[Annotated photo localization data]
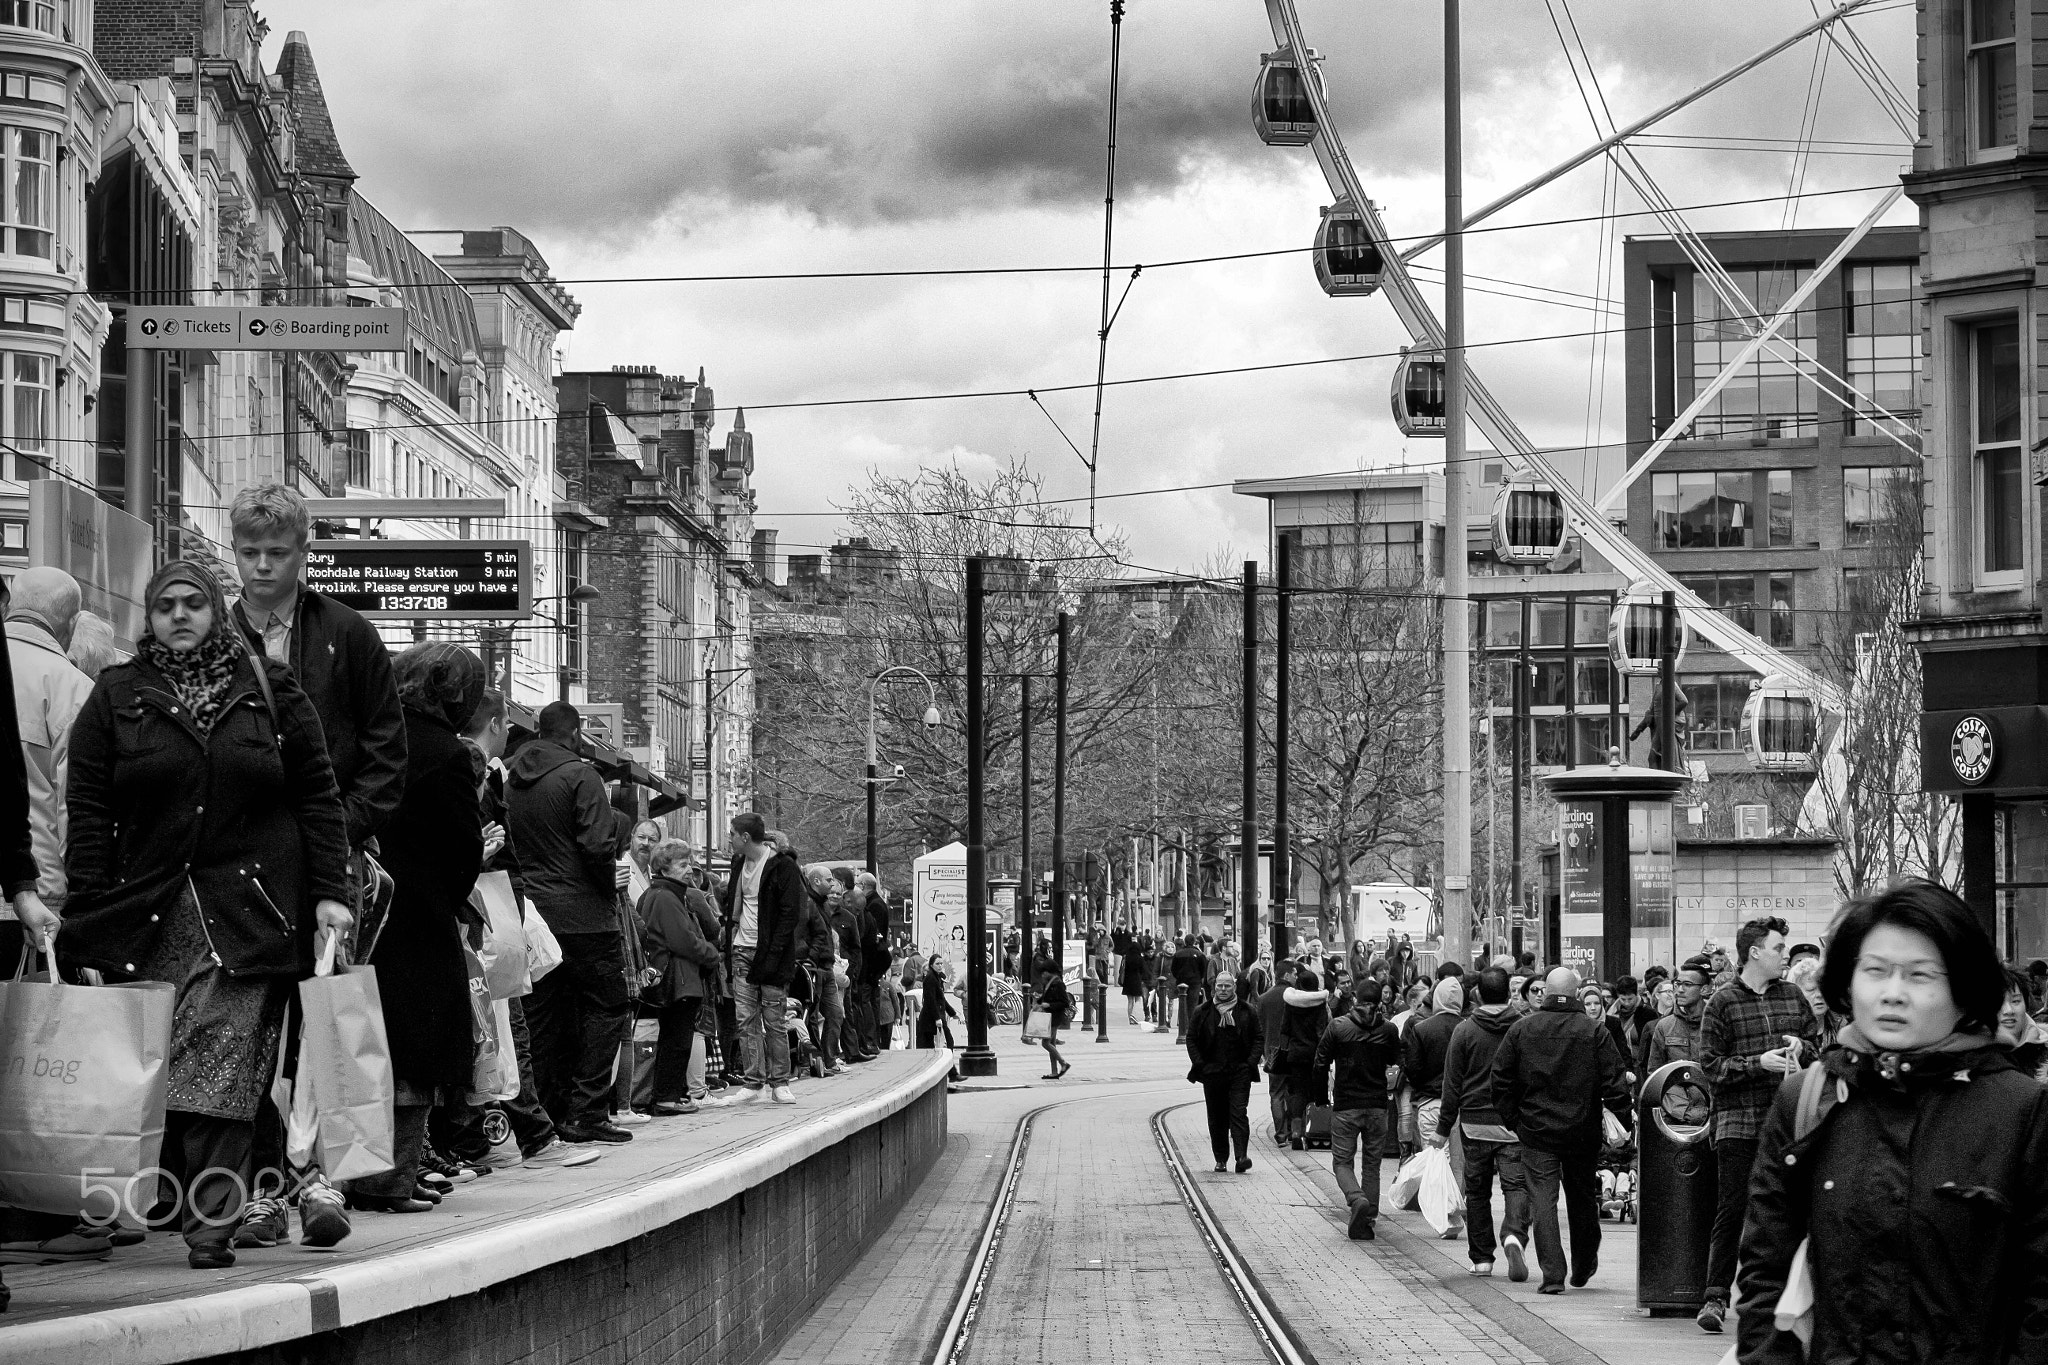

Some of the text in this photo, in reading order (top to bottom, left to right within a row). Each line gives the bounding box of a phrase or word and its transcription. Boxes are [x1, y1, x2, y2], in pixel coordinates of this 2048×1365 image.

[183, 320, 232, 334] Tickets
[291, 320, 390, 338] Boarding point
[307, 551, 517, 566] Bury 5 min
[307, 566, 517, 580] Rochdale Railway Station 9 min
[364, 581, 405, 593] Please
[408, 583, 450, 593] ensure
[453, 583, 475, 595] you
[478, 581, 507, 593] have
[380, 596, 448, 610] 13:37:08
[1956, 719, 1987, 739] COSTA
[1954, 754, 1990, 778] COFFEE
[1562, 809, 1595, 826] arding
[933, 868, 966, 876] SPECIALIST
[1575, 890, 1601, 898] Santander
[1677, 897, 1807, 909] LLY GARDENS
[1561, 945, 1595, 961] arding
[1062, 966, 1081, 983] eet
[33, 1053, 82, 1085] bag
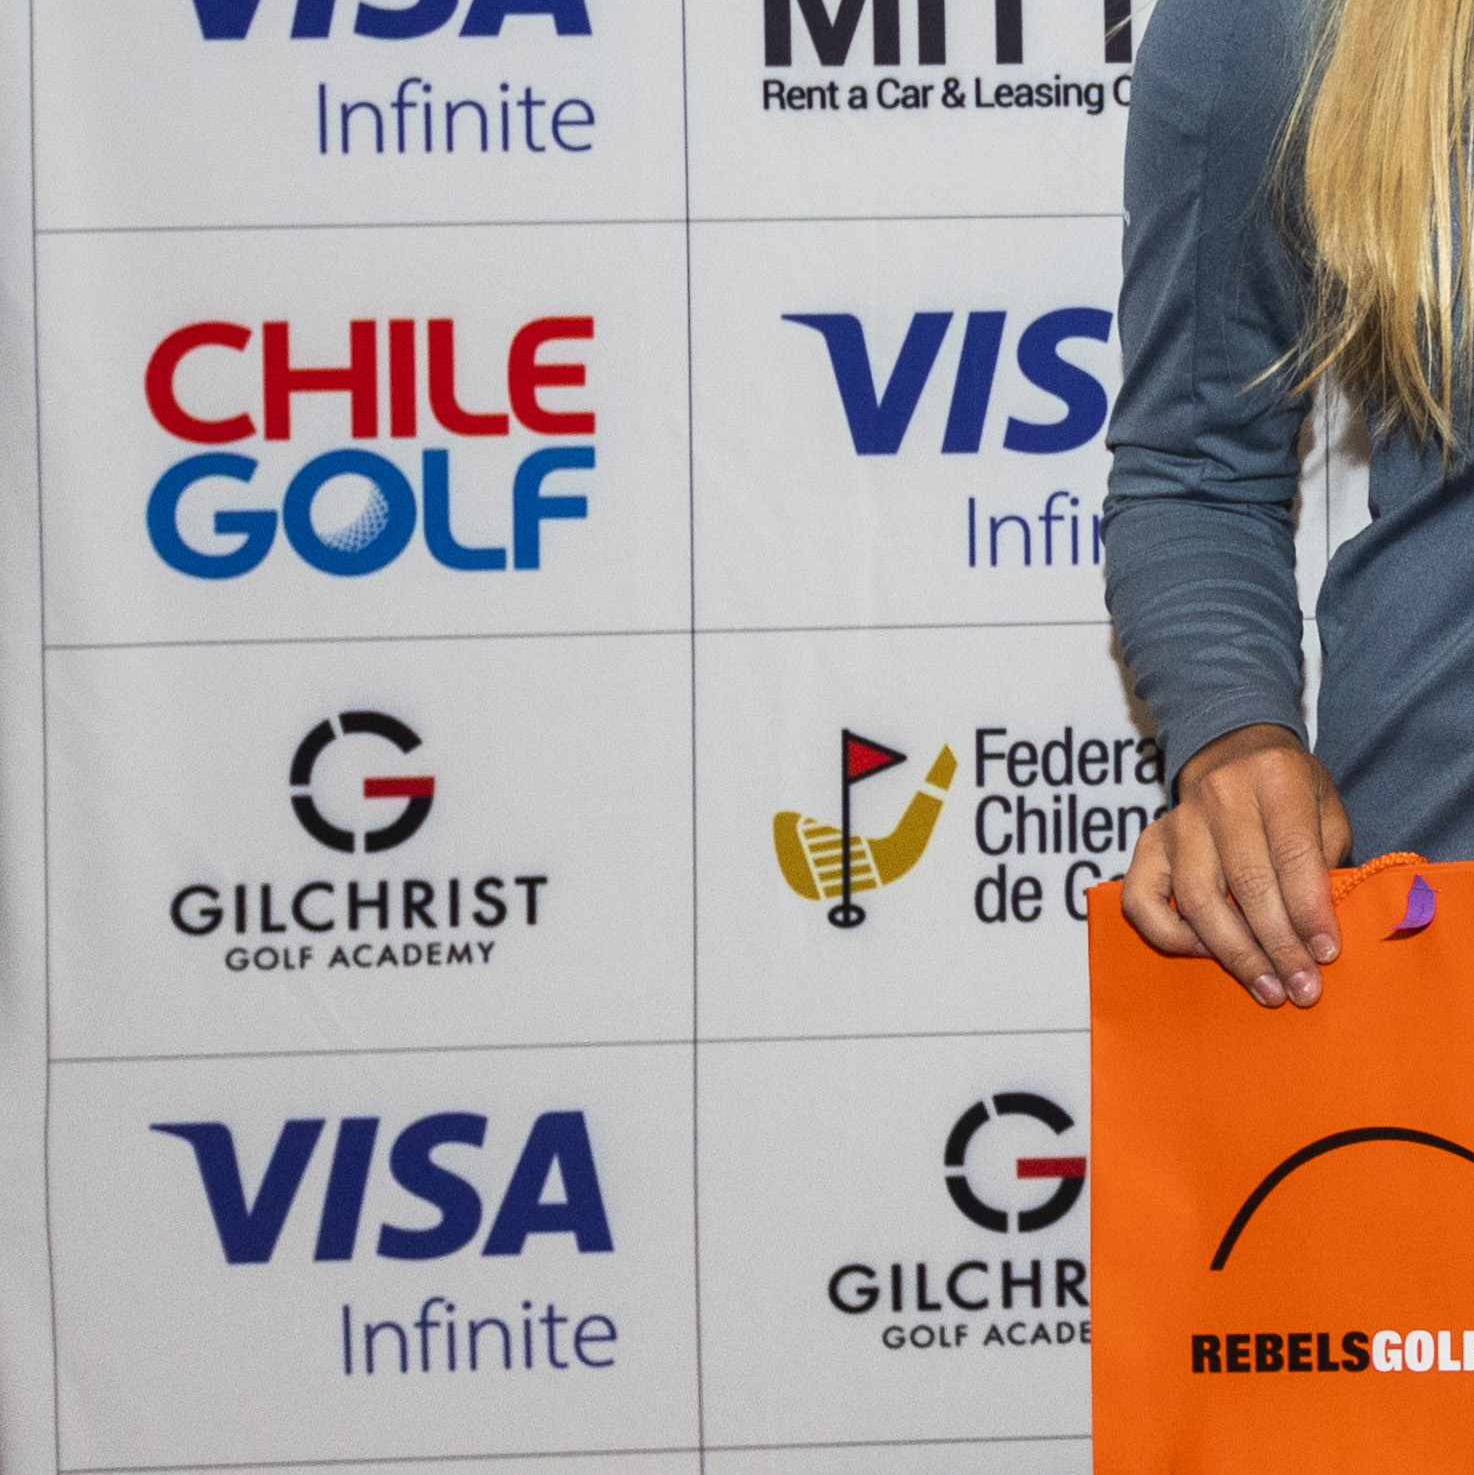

* [Problem]: Repeat every entry exactly. Do not include the pictures.

* [Task response]:
Some of the text in this photo, in reading order (top to bottom, left to right within a row). Each line gives the bounding box of a phrase or word and its transcription. Boxes are [x1, y1, x2, y2], in pixel coordinates of this 2048×1365 image.

[183, 320, 232, 334] Tickets
[291, 320, 390, 338] Boarding point
[307, 551, 517, 566] Bury 5 min
[307, 566, 517, 580] Rochdale Railway Station 9 min
[364, 581, 405, 593] Please
[408, 583, 450, 593] ensure
[453, 583, 475, 595] you
[478, 581, 507, 593] have
[380, 596, 448, 610] 13:37:08
[1956, 719, 1987, 739] COSTA
[1954, 754, 1990, 778] COFFEE
[1562, 809, 1595, 826] arding
[933, 868, 966, 876] SPECIALIST
[1575, 890, 1601, 898] Santander
[1677, 897, 1807, 909] LLY GARDENS
[1561, 945, 1595, 961] arding
[1062, 966, 1081, 983] eet
[33, 1053, 82, 1085] bag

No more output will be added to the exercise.